JK Rowling, Idris Elba and John Cleese are amomg those to make their views known
Published 21/06/2016 | 17:38
David Beckham has come out in favour of staying in the EU, saying that an international crop of players including Danish goalkeeper Peter Schmeichel and Frenchman Eric Cantona made Manchester United great.
But other famous faces including fellow footballer Sol Campbell and Monty Python star John Cleese have thrown their support behind the Brexit campaign.
Here is a list of celebrities who have come out either in support or against staying the in the EU.

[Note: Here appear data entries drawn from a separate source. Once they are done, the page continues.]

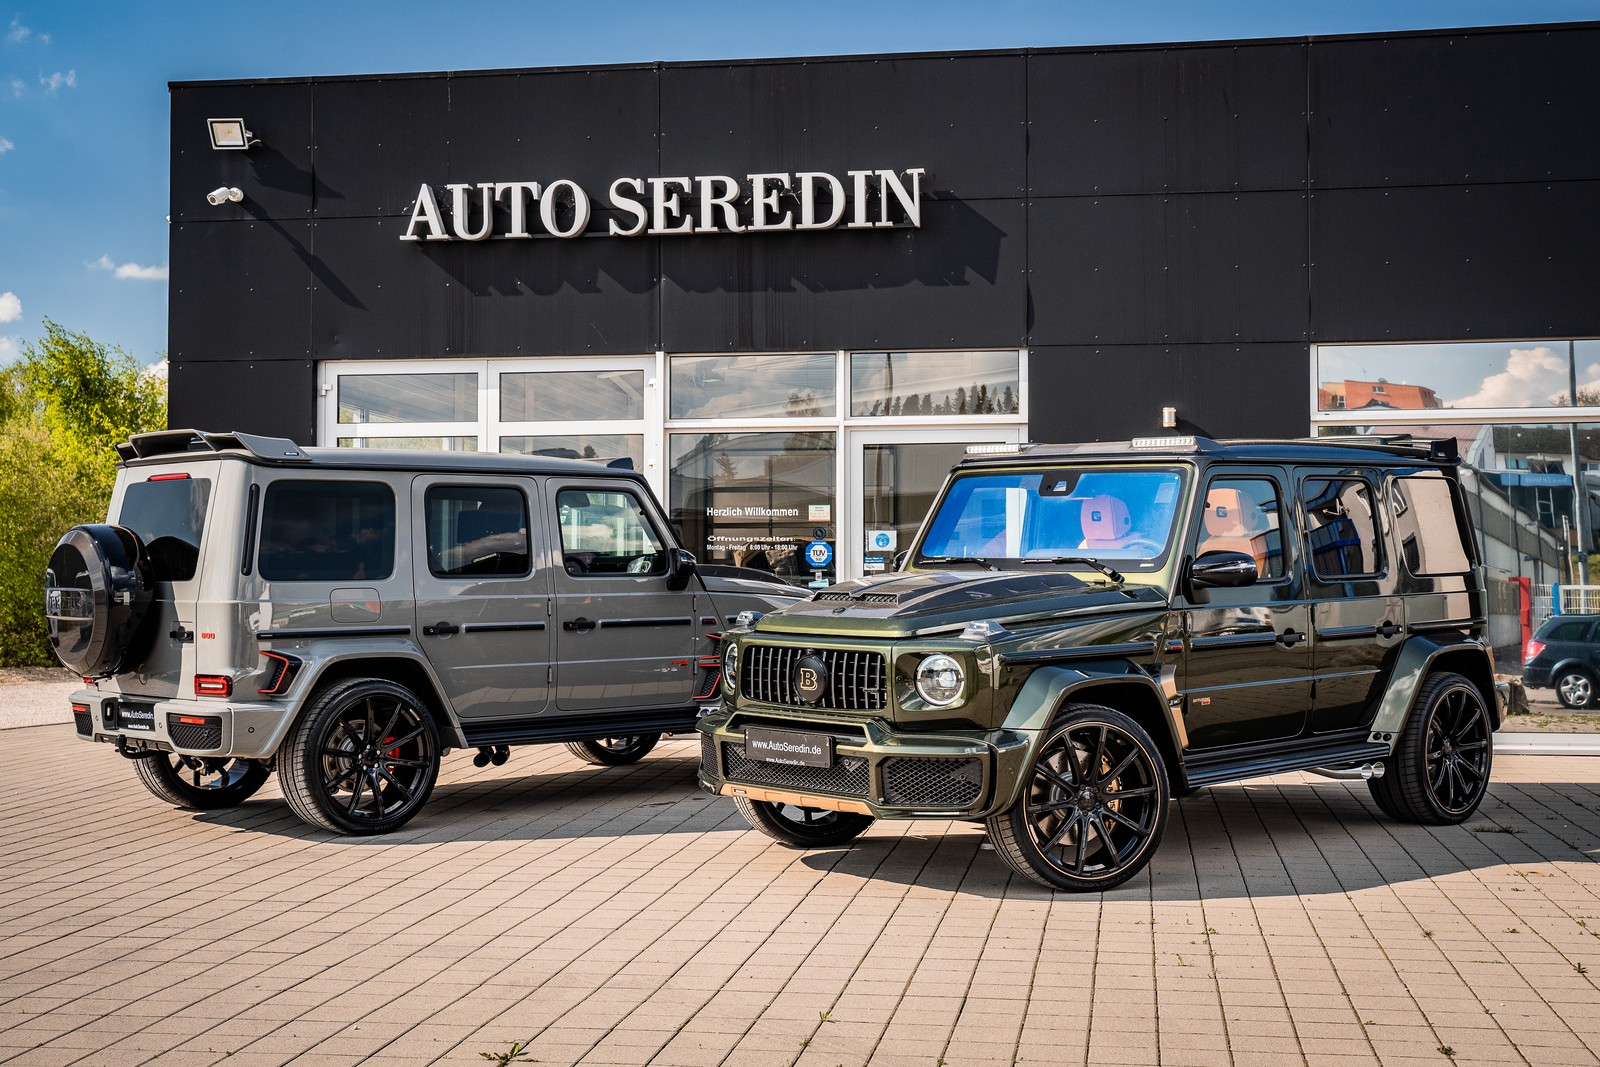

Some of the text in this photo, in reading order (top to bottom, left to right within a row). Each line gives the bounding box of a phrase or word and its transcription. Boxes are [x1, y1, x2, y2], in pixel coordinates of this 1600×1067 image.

[400, 168, 925, 242] AUTO SEREDIN
[706, 507, 799, 516] Herzlich Willkommen
[707, 535, 796, 543] Öffnungszeiten:
[706, 544, 726, 552] Montag
[201, 632, 216, 640] 800
[800, 667, 818, 691] B
[751, 740, 822, 755] www.AutoSeredin.de
[765, 757, 806, 766] www.AutoSeredin.de
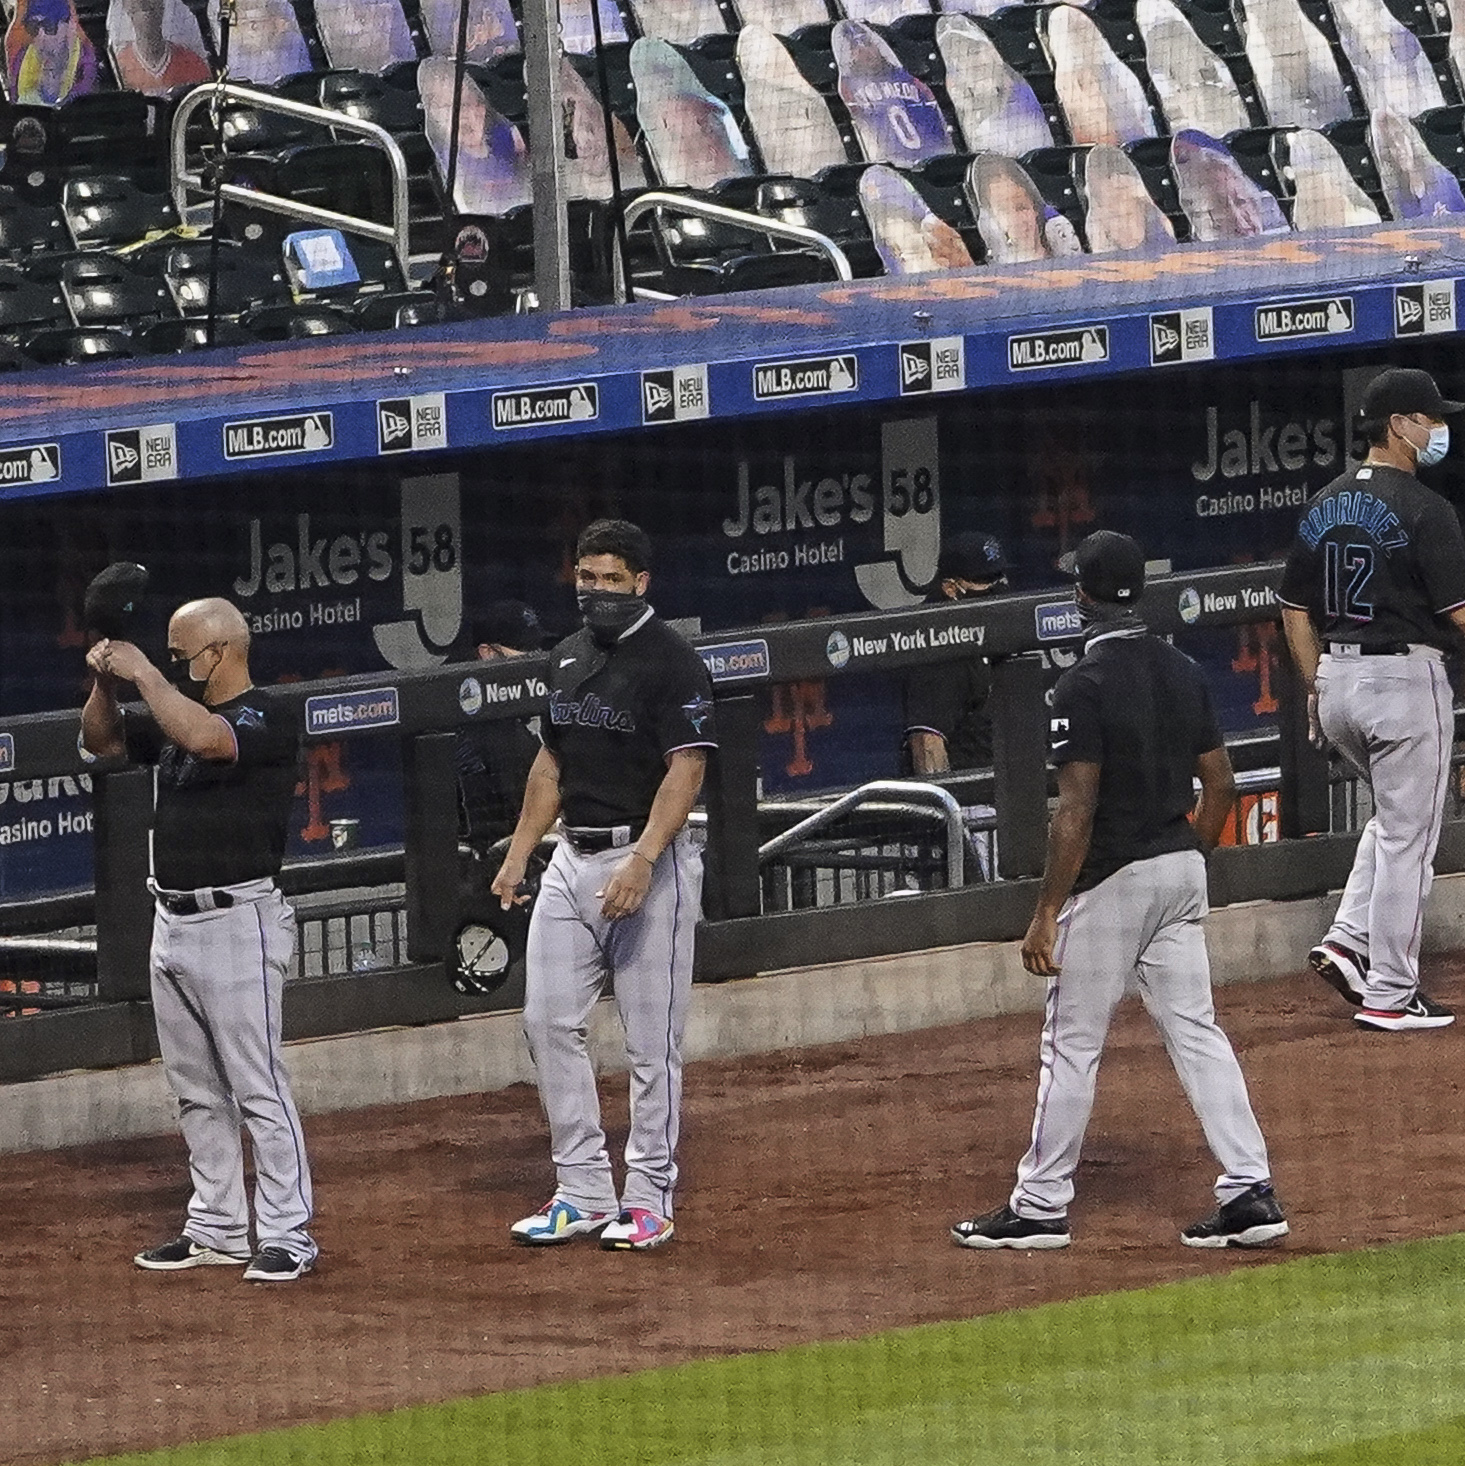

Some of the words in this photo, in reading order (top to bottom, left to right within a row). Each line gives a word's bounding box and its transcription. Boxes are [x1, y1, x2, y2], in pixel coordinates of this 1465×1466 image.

[1428, 292, 1450, 306] NEW
[1185, 319, 1208, 334] NEW
[1259, 309, 1326, 336] MLB.com
[1429, 307, 1451, 322] ERA
[1012, 338, 1080, 365] MLB.com
[1186, 334, 1209, 350] ERA
[935, 349, 958, 363] NEW
[678, 377, 701, 391] NEW
[758, 368, 827, 394] MLB.com
[936, 364, 959, 379] ERA
[497, 398, 568, 423] MLB.com
[679, 392, 702, 408] ERA
[416, 406, 440, 421] NEW
[145, 435, 171, 451] NEW
[229, 427, 302, 453] MLB.com
[417, 422, 441, 438] ERA
[1191, 400, 1338, 481] Jake's
[146, 451, 172, 468] ERA
[722, 455, 875, 537] Jake's
[889, 467, 935, 518] 58
[1196, 491, 1254, 516] Casino
[1260, 482, 1308, 510] Hotel
[233, 513, 393, 596] Jake's
[408, 524, 456, 575] 58
[727, 547, 789, 575] Casino
[794, 537, 844, 567] Hotel
[1326, 542, 1375, 622] 12
[310, 598, 361, 626] Hotel
[1204, 593, 1237, 612] New
[1240, 586, 1276, 608] York
[1042, 610, 1081, 632] mets
[853, 637, 886, 657] New
[890, 631, 926, 653] York
[930, 625, 985, 648] Lottery
[704, 652, 765, 674] ts.com
[486, 683, 520, 703] New
[525, 677, 547, 698] Yo
[312, 699, 393, 727] mets.com
[0, 817, 52, 845] asino
[58, 810, 94, 836] Hot
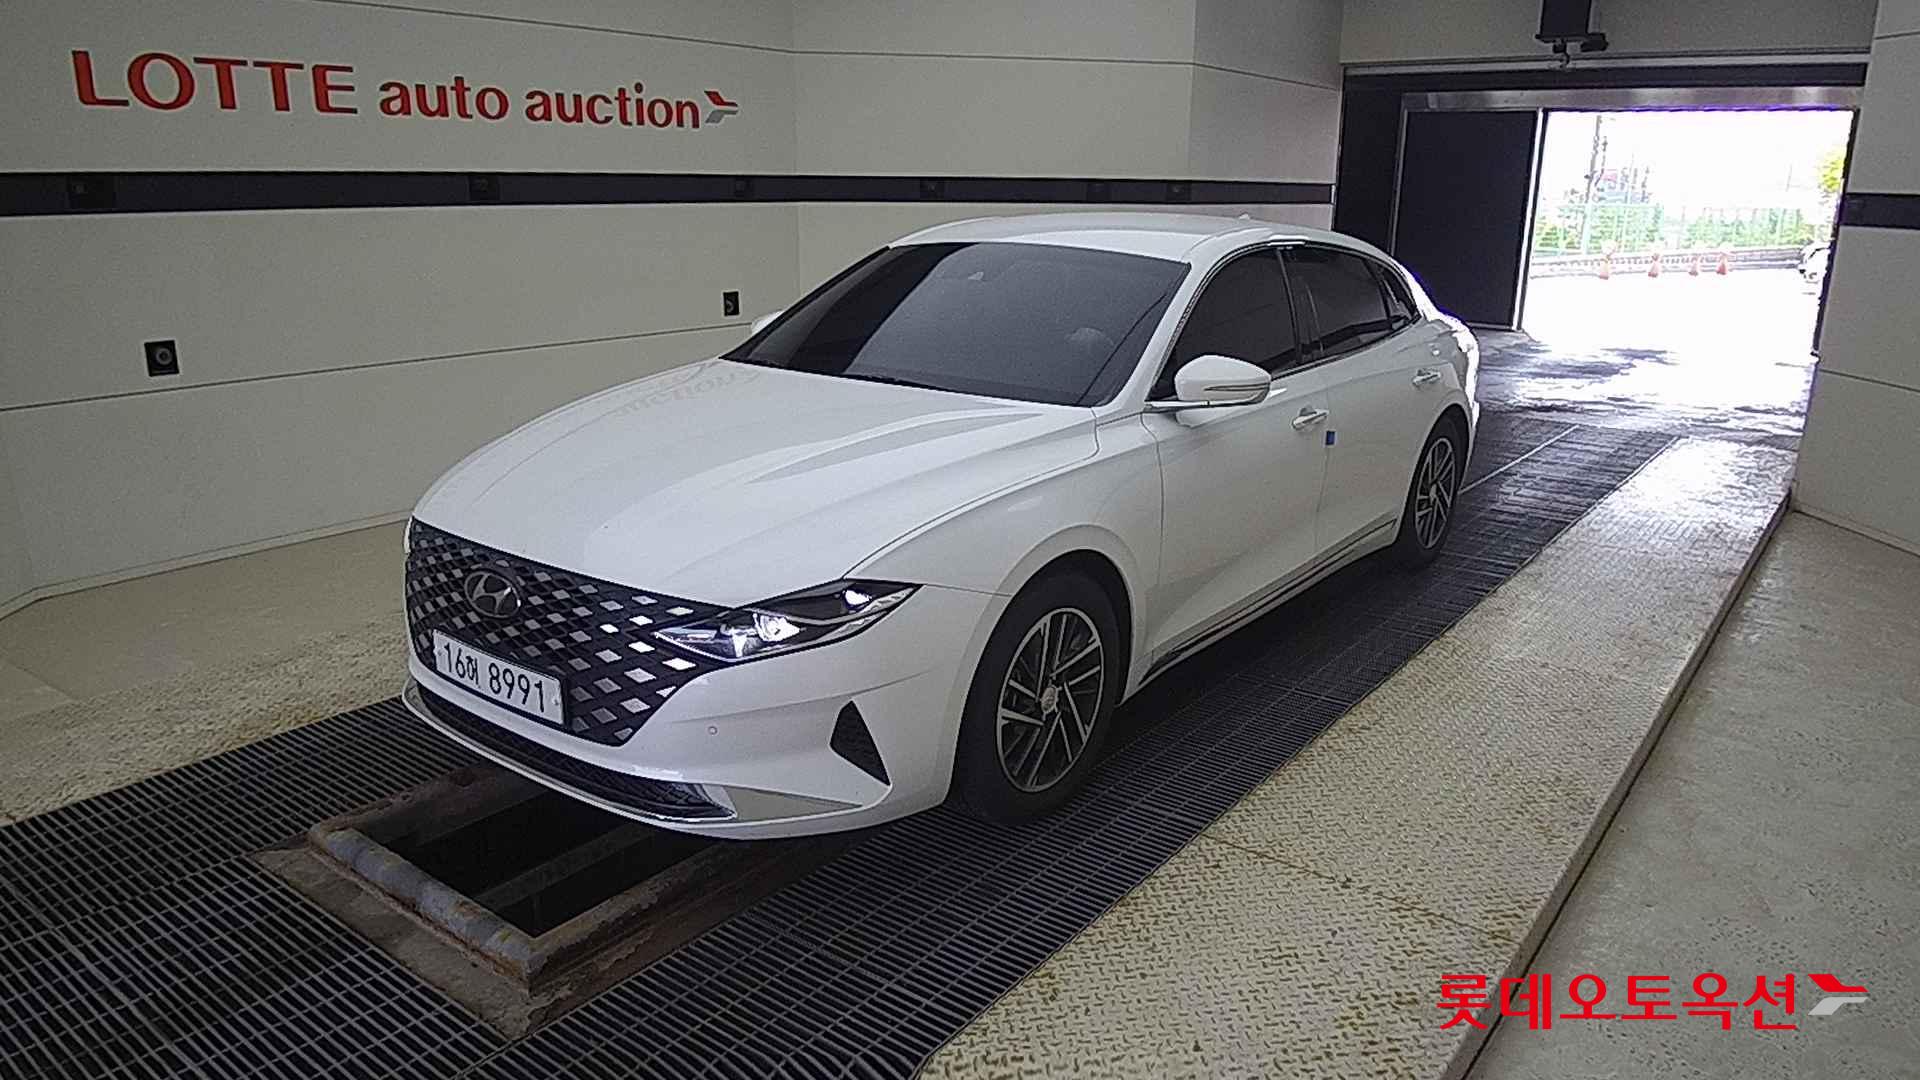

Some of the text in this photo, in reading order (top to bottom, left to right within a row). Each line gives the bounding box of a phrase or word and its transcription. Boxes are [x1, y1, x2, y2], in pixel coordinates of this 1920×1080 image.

[71, 50, 701, 130] LOTTE auto auction
[488, 662, 545, 713] 8991
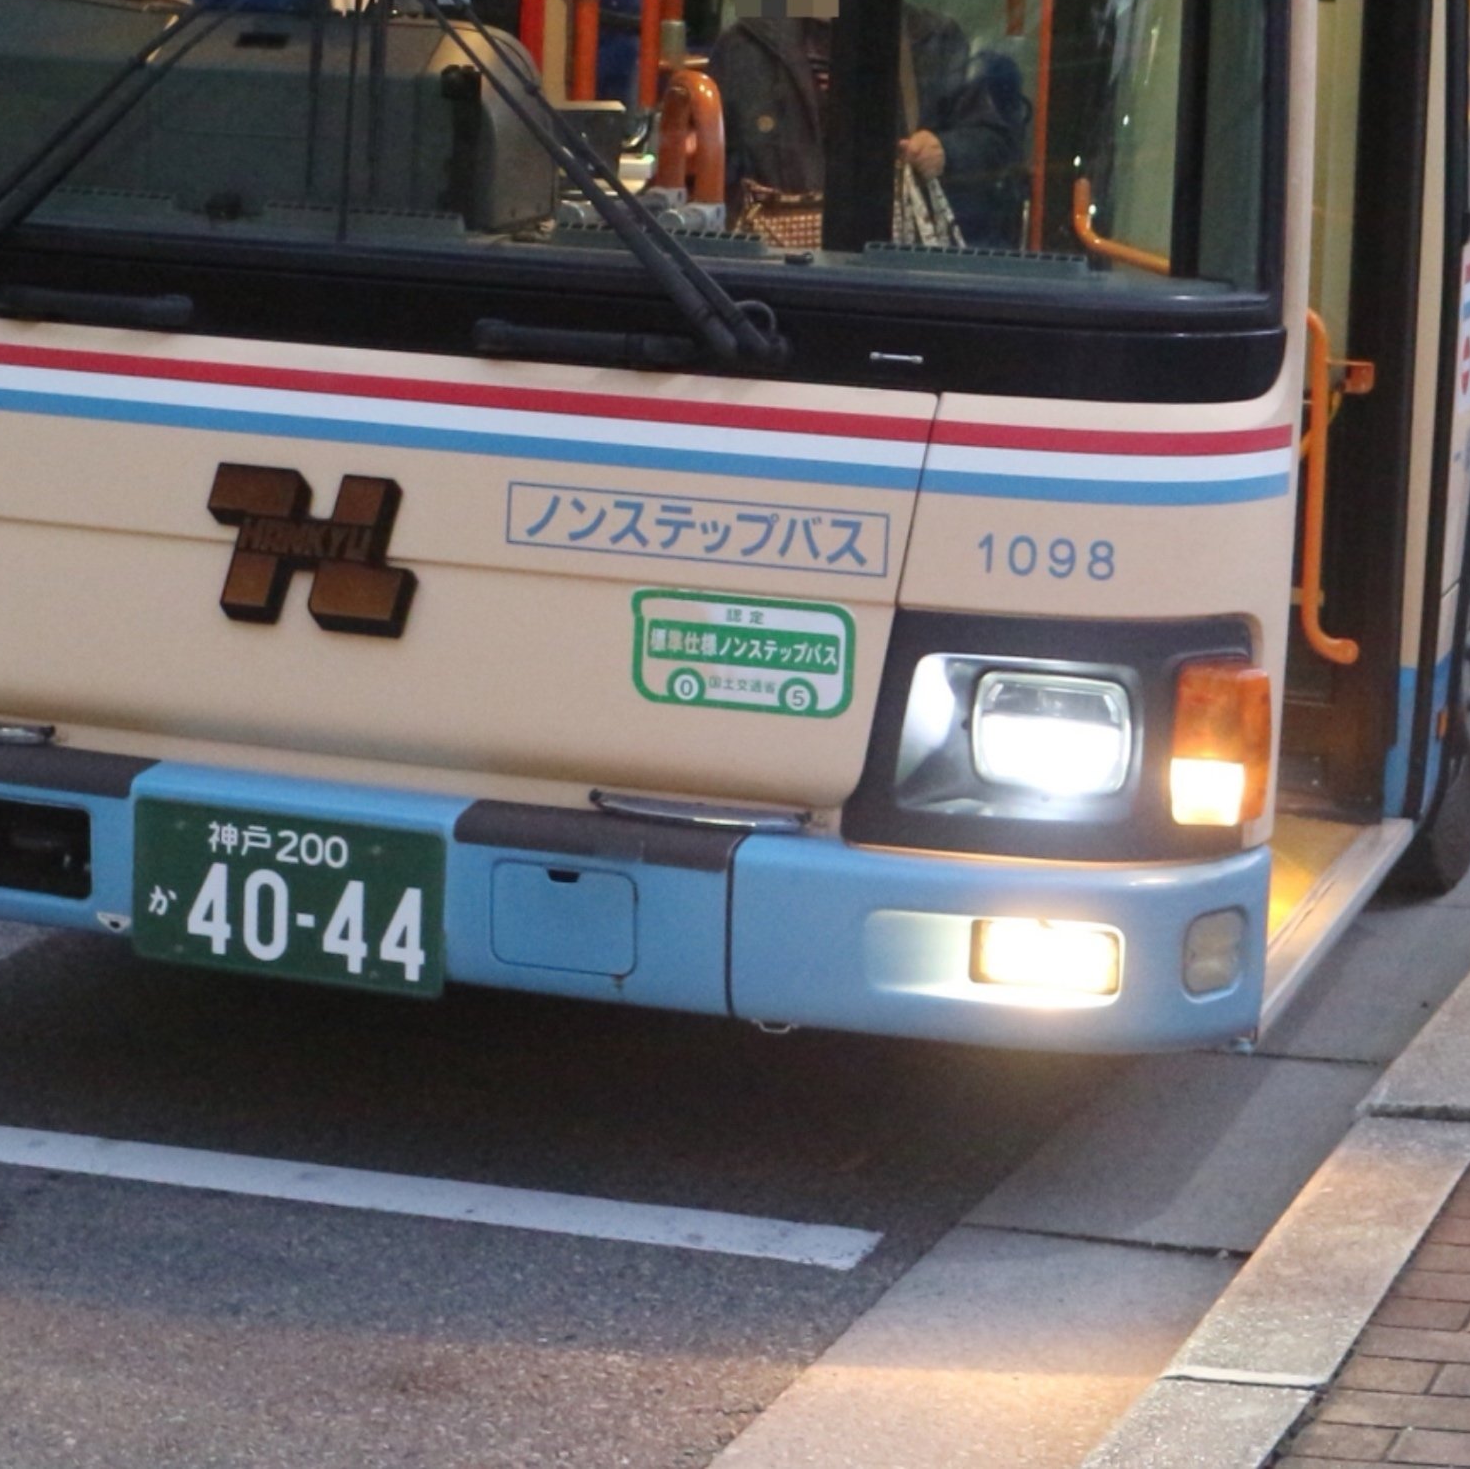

* Darts legend Bobby George is better known for his love of gold jewellery than his political views, but he has declared he is backing Remain. Tweeting his support, he said: "If the Capt says IN I'm IN. It's up to you what you do but make sure you have your vote on Thursday @David_Cameron".
* Harry Potter author JK Rowling has come out in support of the Remain campaign and suggested that "racists and bigots" are directing parts of the Leave campaign. She said: "For some of us, that fact alone is enough to give us pause. The picture of Nigel Farage standing in front of a poster showing a winding line of Syrian refugees captioned 'Breaking Point' is, as countless people have already pointed out, an almost exact duplicate of propaganda used by the Nazis."
* Benedict Cumberbatch and Sir Patrick Stewart led more than 280 figures from the arts world who backed a vote to stay. An open letter pledging support for Remain was also signed by music stars Hot Chip, alt-J and Paloma Faith, authors Dame Hilary Mantel and John le Carre, and fashion designer Dame Vivienne Westwood.
* Idris Elba made his pro-EU views clear on Twitter. In a tweet that included a link to a video of Alex Salmond saying he was fed up with immigrants being portrayed negatively, the Luther actor wrote: ''My parents immigrated to the UK, worked hard and made a contribution ...ME ... on that basis VOTE IN.''
* Helena Bonham-Carter backed Remain saying: ''I feel European but I also feel we can be British and be part of Europe, without it impinging on our sense of identity.''
* Physicist Sir Stephen Hawking has come out in favour of staying, saying that ''progress comes from co-operation''. He said: ''By working together in Europe we make our economy stronger and we give ourselves more influence in the world and we provide future opportunities for young people.''
* Game Of Thrones actors Daniel Portman, who stars as Podrick Payne in the fantasy series, and Kate Dickie, who played Lysa Arryn, are two of more than 80 prominent members of Scotland's creative sector who argue that Europe has benefited the country artistically and culturally.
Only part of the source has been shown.